• Exercise instructions: Each entry must be given again exactly as it appears, with images excluded.

>>>>

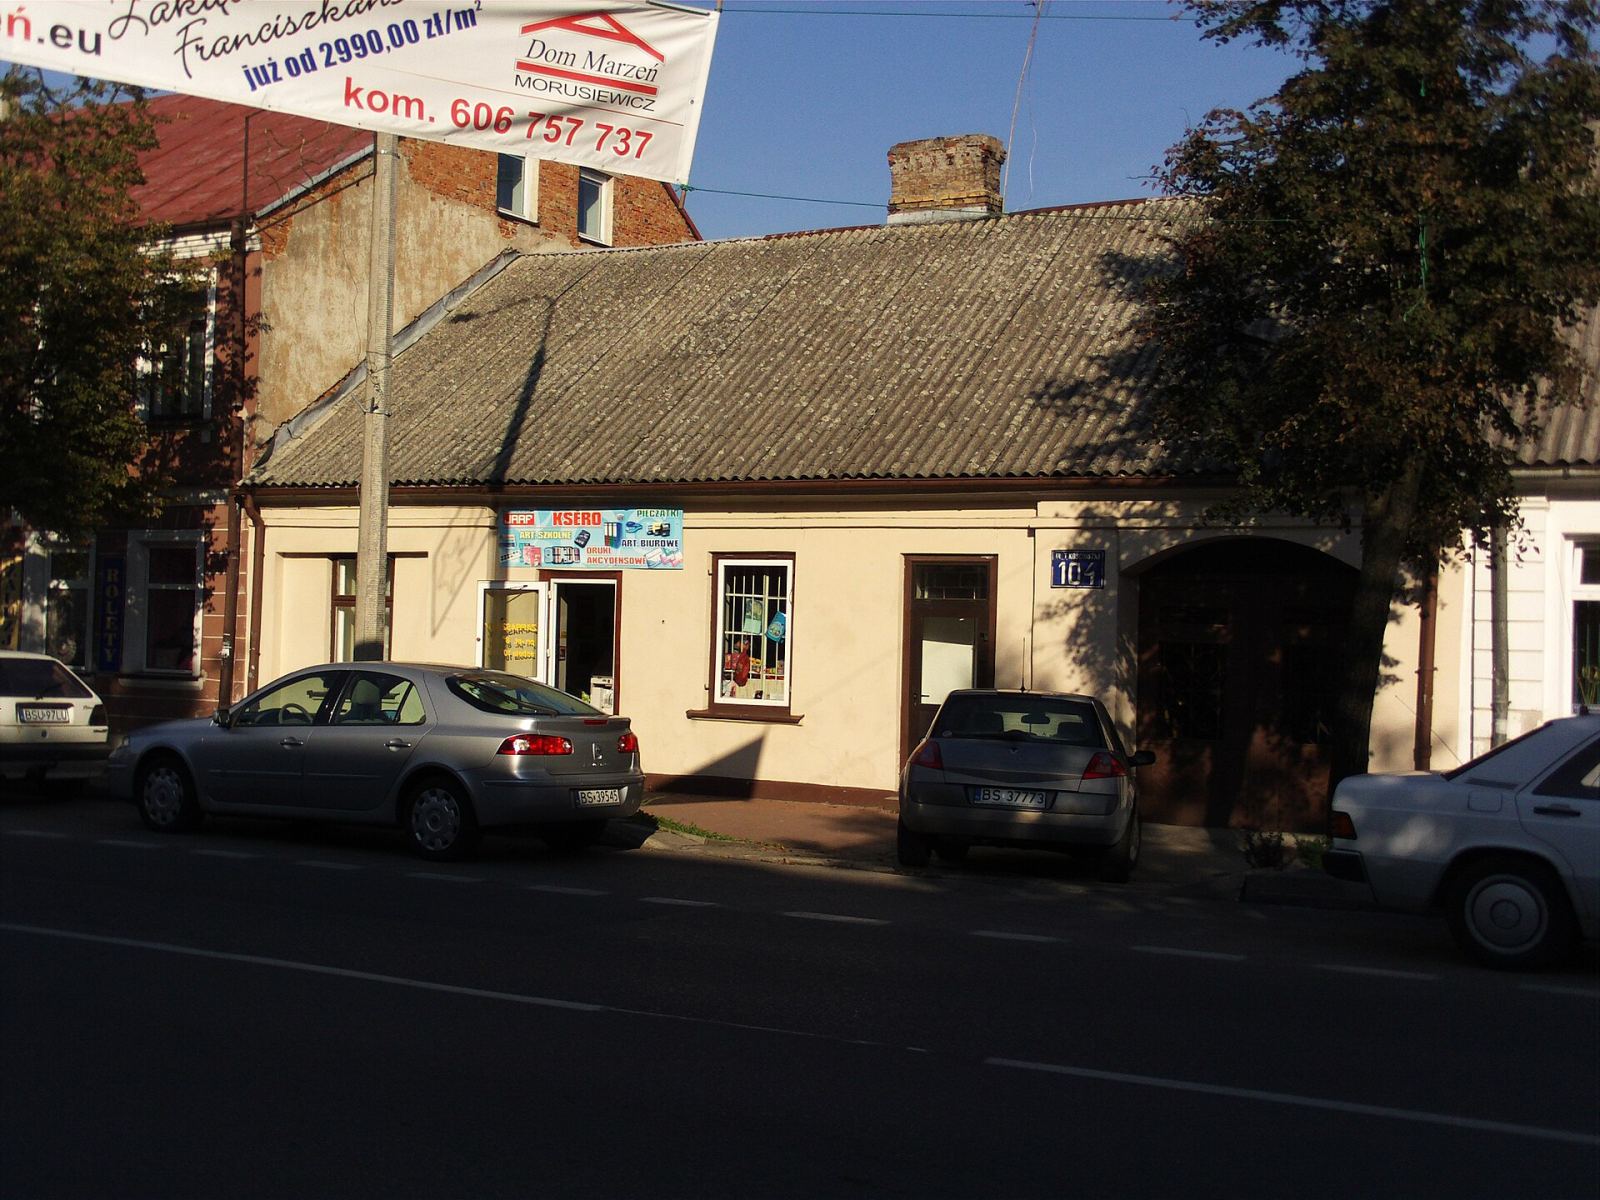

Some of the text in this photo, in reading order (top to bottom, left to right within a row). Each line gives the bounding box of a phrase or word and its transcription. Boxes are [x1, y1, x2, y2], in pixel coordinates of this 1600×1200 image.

[0, 6, 102, 56] ń.eu
[241, 57, 283, 92] już
[284, 47, 317, 78] od
[319, 19, 420, 68] 2990,00
[525, 38, 658, 82] Dom Marzeń
[514, 74, 656, 112] MORUSIEWICZ
[344, 76, 653, 159] kom. 606 757 737
[552, 511, 601, 526] KSERO
[586, 546, 611, 554] DRUKI
[640, 539, 679, 548] BIUROWE
[104, 568, 120, 663] ROLETY
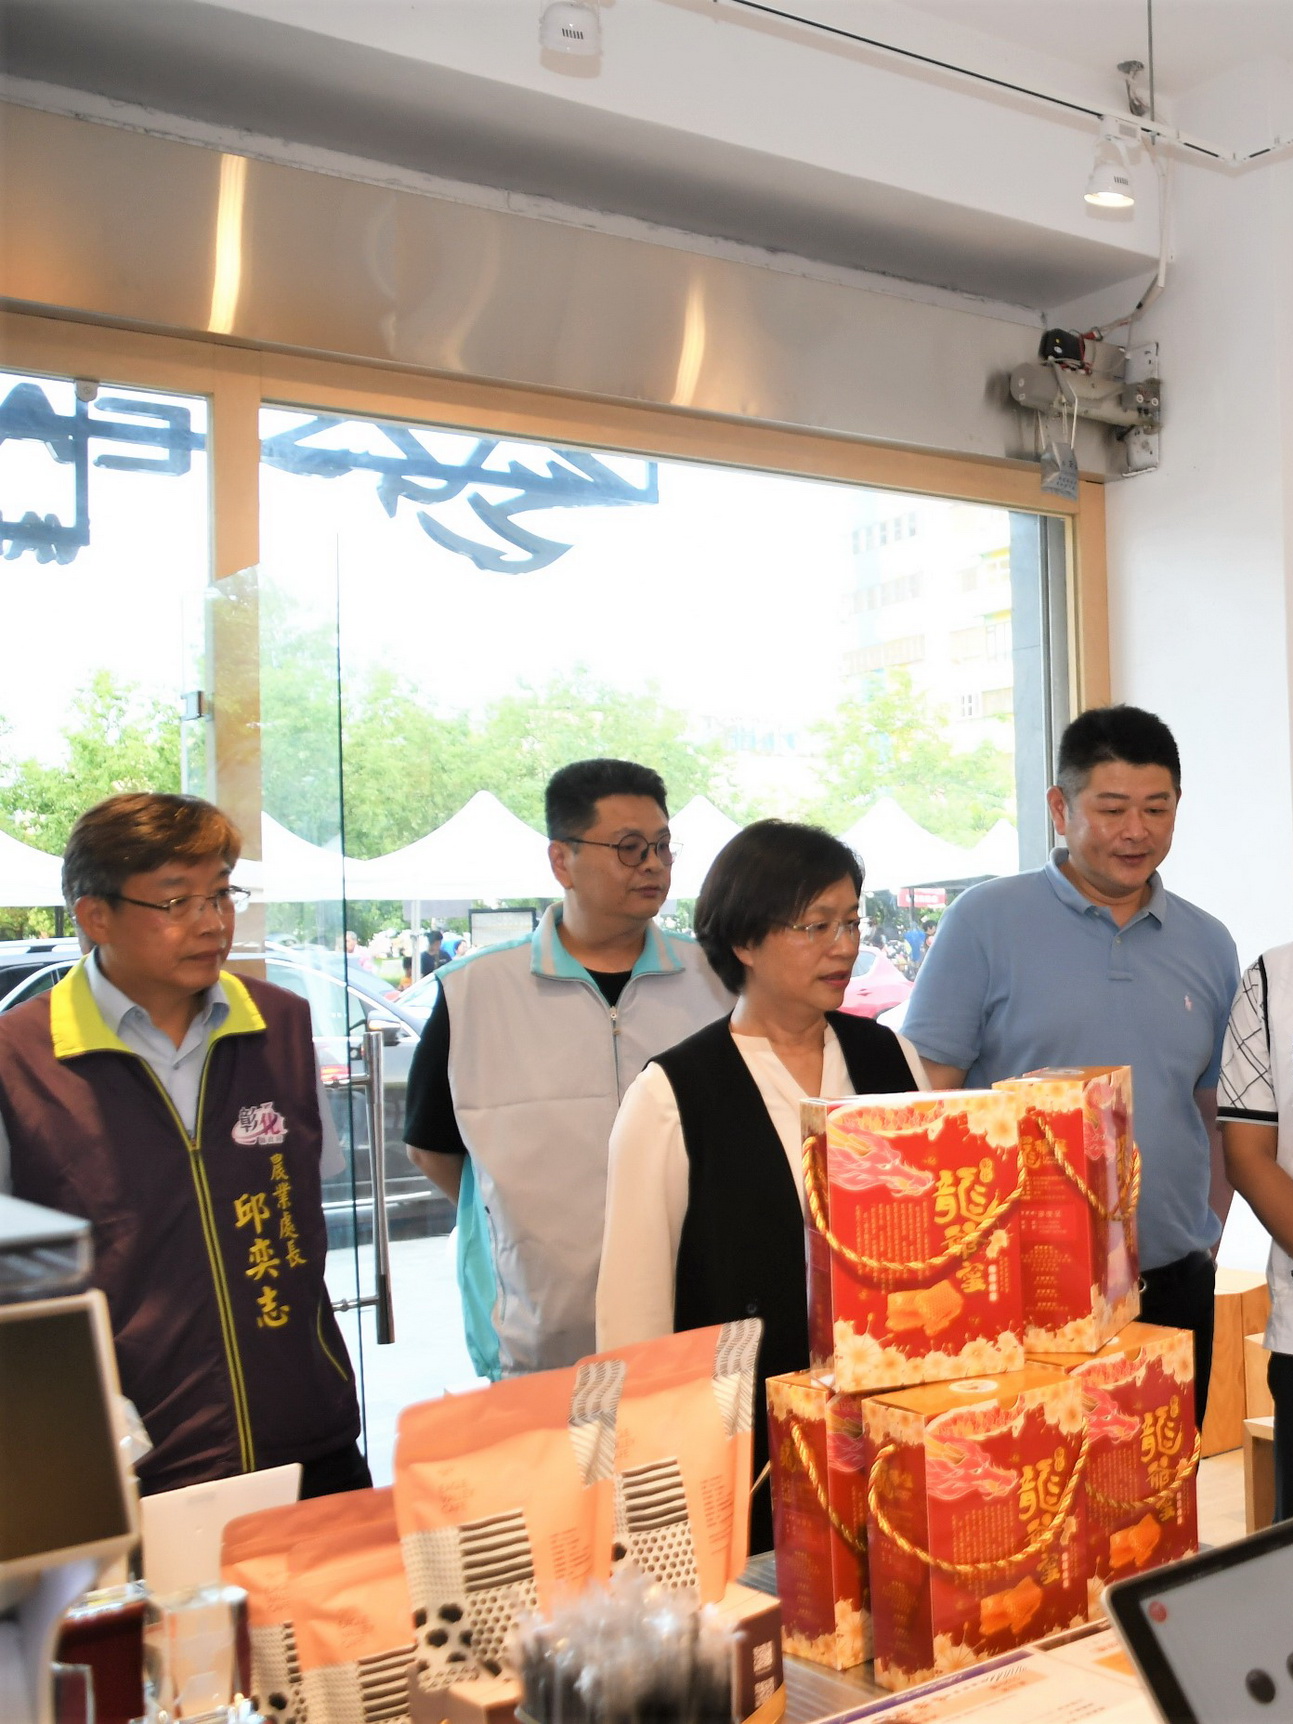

<<<<

• Result of this exercise:
Some of the text in this photo, in reading order (top to bottom, left to right within a row). Each line gives the bounding box of a phrase or word and its transcription. Boxes are [x1, y1, x2, y2], in pixel coordinates of this 1600×1200 image.

[0, 6, 102, 56] ń.eu
[241, 57, 283, 92] już
[284, 47, 317, 78] od
[319, 19, 420, 68] 2990,00
[525, 38, 658, 82] Dom Marzeń
[514, 74, 656, 112] MORUSIEWICZ
[344, 76, 653, 159] kom. 606 757 737
[552, 511, 601, 526] KSERO
[586, 546, 611, 554] DRUKI
[640, 539, 679, 548] BIUROWE
[104, 568, 120, 663] ROLETY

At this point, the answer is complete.